The rainy storm is central to the emotional expression that Landscape at Auvers in the Rain aims to convey. The layered, horizontal bands reflecting the countryside are interrupted by the rain, which lashes down in great streaks across the canvas, creating a dramatic emotional impact. While these features are abstracted and stylised rather than naturalistic, they still maintain the sense of emotion the artist wished to convey, notably the cycle of human pain and suffering. Van Gogh himself associated the inevitable natural phenomena of rainstorms with the parallel inevitability of anguish throughout the human lifespan. However, the painting is not simply an expression of hopelessness and despair. Van Gogh wrote to Theo that nature was a refuge from his troubles, and specifically, "when suffering is sometimes so great it fills the whole horizon that it takes on the proportions of a hopeless deluge ... it is better to look at a wheat field, even in the form of a picture." To certain critics, his use of the bright yellows to signify the wheat-filled countryside was a symbol of comfort for van Gogh in his distress because "it embodied the ongoing process of life, the irrelevance of the individual's fate in the overall beauty and harmony of the divine order".

== Reception ==
While he did not find success during his lifetime, van Gogh's work became increasingly coveted after his death.
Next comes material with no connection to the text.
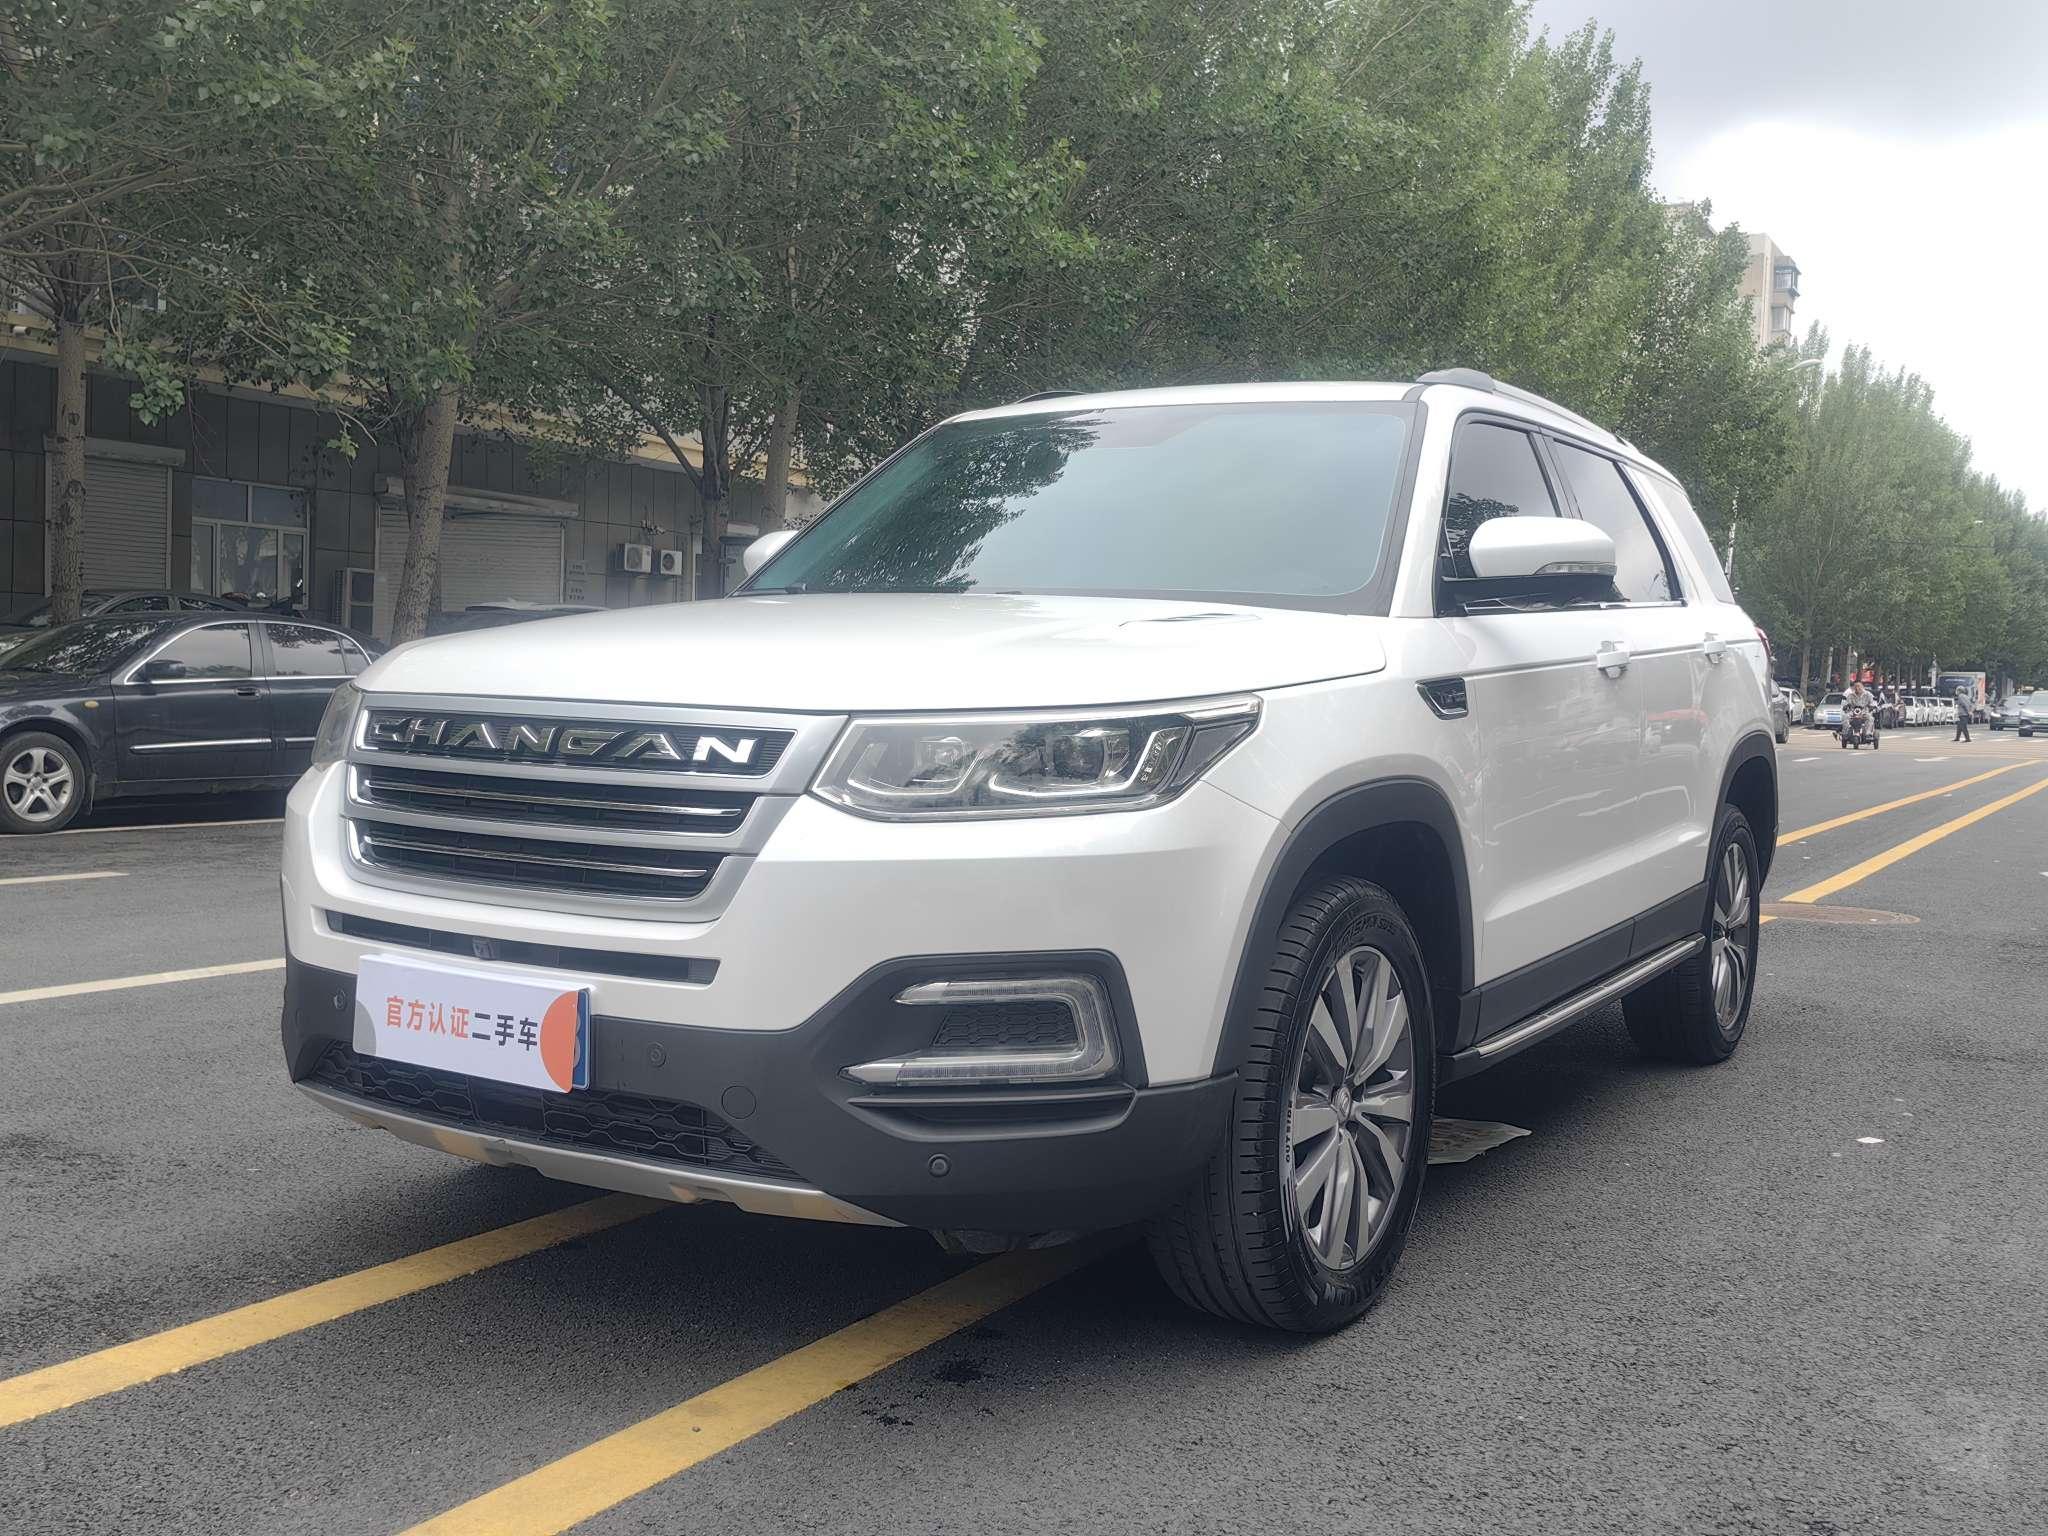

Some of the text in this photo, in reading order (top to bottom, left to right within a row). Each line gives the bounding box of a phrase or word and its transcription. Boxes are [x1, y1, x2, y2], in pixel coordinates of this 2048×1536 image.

[373, 716, 760, 763] CHANGAN
[386, 996, 538, 1051] 官方认证二手车
Encouraged by the art dealer Hugh Blaker, Gwendoline Davies purchased Landscape at Auvers in the Rain in 1920 from the Bernheim-Jeune Gallery in Paris for £2,020. Davies and her sister Margaret inherited a fortune from their grandfather, David Davies, which they dedicated to amassing one of the largest collections of Impressionist and Post-Impressionist art in Britain during the early twentieth century. Davies brought the painting to Wales, where it was displayed in the music room of her home, Gregynog Hall. Notably, the painting was almost purchased by the Japanese art collector Koyata Yamamoto a short time earlier, connecting to the work's Japonisme elements. The painting was donated to the National Museum of Wales in Cardiff as part of Davies's bequest in 1952.